ACTIVITY: Please give an exact transcription of the lines below, from the one that contains "this 1440×1920 image." to the very last, with no other lines.

EXTRACTED ENTRIES:
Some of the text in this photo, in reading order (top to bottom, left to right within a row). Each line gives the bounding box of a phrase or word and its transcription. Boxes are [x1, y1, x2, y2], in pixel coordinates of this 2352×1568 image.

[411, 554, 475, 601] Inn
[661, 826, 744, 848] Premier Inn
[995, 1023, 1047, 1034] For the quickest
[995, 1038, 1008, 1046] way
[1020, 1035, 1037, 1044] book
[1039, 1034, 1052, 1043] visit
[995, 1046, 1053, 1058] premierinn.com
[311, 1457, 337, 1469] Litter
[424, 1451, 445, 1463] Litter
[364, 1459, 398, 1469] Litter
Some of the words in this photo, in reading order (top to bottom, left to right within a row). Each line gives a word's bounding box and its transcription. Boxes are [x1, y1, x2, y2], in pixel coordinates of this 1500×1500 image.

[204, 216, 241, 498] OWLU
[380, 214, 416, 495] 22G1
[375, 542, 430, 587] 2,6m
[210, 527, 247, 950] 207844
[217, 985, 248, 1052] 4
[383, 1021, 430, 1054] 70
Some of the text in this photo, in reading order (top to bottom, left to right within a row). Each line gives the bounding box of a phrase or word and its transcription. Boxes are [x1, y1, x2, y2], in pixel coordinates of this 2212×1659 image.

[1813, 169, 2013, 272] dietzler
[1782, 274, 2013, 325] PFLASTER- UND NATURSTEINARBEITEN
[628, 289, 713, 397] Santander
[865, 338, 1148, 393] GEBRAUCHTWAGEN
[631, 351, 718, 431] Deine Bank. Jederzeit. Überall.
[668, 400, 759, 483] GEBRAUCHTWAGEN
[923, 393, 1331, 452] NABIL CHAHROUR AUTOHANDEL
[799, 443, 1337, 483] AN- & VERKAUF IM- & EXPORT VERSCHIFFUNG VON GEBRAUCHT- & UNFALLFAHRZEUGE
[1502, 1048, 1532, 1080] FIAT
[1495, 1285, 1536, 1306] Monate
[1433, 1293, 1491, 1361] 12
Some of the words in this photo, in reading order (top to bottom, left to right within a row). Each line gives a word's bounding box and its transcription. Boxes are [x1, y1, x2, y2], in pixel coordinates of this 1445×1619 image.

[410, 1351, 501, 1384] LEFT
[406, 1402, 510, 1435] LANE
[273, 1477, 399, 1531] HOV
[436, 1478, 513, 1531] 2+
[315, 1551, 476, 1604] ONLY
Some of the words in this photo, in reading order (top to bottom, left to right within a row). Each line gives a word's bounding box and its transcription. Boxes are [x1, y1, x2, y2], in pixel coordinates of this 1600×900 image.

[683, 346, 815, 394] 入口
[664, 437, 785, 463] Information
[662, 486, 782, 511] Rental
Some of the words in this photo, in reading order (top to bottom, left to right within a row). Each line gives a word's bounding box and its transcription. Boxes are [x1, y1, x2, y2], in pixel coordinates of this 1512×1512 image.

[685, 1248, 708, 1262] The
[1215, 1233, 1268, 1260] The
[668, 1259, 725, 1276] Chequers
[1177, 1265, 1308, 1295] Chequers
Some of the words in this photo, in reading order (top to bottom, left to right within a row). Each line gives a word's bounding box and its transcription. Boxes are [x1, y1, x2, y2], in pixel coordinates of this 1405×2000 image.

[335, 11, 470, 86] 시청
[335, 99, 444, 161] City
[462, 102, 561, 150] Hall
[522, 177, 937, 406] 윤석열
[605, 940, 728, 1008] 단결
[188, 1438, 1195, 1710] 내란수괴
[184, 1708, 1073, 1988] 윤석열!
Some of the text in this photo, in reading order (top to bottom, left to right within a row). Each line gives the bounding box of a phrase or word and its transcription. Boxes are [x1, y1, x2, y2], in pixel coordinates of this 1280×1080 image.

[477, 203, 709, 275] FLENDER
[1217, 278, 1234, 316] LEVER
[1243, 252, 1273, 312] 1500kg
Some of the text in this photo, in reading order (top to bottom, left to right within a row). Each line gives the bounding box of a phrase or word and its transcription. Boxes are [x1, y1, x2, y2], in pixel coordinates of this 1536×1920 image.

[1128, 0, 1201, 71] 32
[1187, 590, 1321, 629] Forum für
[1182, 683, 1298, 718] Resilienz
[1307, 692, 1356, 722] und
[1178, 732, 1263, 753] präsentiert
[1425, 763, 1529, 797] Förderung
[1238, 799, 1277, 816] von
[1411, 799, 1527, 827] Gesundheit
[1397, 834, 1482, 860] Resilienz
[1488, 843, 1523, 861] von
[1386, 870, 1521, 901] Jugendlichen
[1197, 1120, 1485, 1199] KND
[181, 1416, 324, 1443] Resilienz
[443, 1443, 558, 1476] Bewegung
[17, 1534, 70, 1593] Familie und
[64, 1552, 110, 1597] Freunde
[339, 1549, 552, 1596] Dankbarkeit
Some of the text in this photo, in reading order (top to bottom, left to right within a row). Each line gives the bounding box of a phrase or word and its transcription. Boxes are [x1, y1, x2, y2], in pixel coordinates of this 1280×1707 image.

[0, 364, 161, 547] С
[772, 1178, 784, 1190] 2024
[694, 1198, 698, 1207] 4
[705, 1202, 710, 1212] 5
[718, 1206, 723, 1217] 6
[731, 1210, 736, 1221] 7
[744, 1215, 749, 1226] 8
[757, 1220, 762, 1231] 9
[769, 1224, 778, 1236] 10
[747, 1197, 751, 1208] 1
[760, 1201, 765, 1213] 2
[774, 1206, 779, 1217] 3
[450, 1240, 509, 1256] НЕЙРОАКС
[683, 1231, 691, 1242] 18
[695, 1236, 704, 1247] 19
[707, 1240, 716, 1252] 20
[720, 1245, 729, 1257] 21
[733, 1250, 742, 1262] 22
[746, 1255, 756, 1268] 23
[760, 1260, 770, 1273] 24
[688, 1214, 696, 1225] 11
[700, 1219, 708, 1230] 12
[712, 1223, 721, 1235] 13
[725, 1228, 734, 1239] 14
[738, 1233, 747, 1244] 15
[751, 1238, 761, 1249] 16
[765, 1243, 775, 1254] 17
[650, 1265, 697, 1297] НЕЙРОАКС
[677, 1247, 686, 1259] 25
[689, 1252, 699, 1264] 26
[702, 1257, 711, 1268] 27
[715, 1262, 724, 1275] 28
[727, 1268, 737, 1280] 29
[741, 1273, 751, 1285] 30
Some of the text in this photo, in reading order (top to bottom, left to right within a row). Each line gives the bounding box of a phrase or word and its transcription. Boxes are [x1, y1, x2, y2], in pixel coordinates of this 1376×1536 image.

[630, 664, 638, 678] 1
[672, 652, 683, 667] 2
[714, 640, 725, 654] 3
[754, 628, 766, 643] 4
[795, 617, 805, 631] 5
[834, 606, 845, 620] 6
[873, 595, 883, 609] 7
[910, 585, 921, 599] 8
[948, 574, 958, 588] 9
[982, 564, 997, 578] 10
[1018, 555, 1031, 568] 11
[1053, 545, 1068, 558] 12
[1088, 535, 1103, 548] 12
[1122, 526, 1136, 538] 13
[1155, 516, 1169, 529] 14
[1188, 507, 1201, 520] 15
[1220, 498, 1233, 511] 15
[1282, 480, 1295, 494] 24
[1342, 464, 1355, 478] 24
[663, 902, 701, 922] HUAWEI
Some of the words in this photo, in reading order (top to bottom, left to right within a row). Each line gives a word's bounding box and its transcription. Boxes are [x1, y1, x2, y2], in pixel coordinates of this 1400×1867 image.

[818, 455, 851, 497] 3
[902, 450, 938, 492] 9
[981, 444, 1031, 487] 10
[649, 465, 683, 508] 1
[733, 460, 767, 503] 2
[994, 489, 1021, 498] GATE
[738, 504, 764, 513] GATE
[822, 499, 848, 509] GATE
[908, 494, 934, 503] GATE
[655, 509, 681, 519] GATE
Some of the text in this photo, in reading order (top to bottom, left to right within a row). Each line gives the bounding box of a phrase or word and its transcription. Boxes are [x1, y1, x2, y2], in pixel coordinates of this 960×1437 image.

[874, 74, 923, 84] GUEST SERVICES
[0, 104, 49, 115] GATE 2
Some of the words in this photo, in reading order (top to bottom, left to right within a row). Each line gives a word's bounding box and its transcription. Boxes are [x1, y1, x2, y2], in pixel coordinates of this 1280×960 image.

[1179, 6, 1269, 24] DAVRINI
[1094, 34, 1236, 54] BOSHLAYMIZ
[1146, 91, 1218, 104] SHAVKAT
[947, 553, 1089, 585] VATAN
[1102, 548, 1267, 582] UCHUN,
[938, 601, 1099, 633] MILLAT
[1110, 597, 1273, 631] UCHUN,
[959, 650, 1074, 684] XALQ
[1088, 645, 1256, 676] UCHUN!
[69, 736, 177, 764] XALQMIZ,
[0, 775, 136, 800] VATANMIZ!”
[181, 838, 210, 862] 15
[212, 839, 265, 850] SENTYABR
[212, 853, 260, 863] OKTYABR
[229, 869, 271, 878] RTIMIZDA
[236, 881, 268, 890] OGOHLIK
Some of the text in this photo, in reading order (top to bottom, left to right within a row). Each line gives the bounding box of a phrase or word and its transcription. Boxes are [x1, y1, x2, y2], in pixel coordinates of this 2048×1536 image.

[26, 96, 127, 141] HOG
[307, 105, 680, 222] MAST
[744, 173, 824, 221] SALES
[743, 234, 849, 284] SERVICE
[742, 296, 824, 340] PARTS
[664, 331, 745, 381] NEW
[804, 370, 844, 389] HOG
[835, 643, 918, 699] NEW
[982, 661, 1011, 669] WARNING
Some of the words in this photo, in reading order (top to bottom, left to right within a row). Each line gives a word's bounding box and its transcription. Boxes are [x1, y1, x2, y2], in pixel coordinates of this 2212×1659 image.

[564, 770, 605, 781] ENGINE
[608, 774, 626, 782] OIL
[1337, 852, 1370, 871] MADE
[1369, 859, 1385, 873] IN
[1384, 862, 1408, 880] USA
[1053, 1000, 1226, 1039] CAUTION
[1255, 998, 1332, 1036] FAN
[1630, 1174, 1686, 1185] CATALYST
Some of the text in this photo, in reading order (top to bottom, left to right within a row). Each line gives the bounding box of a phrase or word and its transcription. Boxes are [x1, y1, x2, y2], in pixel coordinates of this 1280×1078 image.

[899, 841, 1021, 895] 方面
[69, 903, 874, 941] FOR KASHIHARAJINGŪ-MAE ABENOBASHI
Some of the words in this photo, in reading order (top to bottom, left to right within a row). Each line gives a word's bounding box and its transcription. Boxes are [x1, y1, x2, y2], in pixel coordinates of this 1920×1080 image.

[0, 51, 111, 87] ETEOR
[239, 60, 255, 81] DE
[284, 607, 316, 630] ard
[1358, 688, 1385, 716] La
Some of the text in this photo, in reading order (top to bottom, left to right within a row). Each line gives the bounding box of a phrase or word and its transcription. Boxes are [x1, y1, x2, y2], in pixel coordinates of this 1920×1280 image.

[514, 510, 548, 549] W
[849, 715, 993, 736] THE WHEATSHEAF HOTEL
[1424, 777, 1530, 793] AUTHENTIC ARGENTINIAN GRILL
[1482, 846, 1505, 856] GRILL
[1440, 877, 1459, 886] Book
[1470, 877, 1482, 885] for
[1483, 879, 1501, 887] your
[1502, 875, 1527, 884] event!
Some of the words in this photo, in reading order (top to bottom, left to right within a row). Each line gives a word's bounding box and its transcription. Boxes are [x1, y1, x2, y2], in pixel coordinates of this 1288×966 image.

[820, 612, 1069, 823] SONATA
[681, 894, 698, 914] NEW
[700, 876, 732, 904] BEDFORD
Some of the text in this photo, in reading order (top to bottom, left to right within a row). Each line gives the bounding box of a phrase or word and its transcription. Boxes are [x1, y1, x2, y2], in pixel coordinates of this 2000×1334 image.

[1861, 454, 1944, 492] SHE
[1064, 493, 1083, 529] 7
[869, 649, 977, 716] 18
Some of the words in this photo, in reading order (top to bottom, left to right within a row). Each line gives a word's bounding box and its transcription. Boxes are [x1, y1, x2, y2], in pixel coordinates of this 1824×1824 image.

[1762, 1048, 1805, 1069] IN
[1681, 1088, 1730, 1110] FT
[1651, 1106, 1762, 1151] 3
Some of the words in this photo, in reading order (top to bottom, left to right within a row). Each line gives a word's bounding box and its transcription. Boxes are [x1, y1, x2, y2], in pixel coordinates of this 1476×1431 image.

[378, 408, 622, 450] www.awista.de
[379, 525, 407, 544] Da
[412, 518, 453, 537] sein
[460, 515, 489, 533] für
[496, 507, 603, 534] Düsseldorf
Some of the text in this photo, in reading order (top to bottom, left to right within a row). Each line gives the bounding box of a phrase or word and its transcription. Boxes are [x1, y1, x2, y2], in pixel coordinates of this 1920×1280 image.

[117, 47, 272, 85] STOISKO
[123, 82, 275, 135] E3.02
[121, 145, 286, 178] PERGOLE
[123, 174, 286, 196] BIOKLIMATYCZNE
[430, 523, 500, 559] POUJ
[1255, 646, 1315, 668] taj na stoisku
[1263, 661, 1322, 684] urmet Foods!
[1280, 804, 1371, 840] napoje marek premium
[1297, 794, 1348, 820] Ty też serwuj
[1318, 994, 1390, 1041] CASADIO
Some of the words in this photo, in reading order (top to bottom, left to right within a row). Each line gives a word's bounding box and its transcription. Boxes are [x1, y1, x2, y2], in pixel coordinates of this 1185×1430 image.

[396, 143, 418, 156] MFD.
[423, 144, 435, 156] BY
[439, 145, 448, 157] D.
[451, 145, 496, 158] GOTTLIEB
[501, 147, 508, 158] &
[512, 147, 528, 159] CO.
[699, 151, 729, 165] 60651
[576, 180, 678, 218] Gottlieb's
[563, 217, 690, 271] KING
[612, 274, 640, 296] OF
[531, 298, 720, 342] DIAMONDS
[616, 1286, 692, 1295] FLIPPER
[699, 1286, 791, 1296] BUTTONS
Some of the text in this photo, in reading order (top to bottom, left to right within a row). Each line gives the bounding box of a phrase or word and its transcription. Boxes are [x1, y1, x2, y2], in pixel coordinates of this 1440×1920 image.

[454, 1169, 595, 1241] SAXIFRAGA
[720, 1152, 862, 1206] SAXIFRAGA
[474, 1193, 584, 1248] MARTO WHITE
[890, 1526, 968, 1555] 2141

ANSWER TO THE PROBLEM:
Some of the text in this photo, in reading order (top to bottom, left to right within a row). Each line gives the bounding box of a phrase or word and its transcription. Boxes are [x1, y1, x2, y2], in pixel coordinates of this 1440×1920 image.

[454, 1169, 595, 1241] SAXIFRAGA
[720, 1152, 862, 1206] SAXIFRAGA
[474, 1193, 584, 1248] MARTO WHITE
[890, 1526, 968, 1555] 2141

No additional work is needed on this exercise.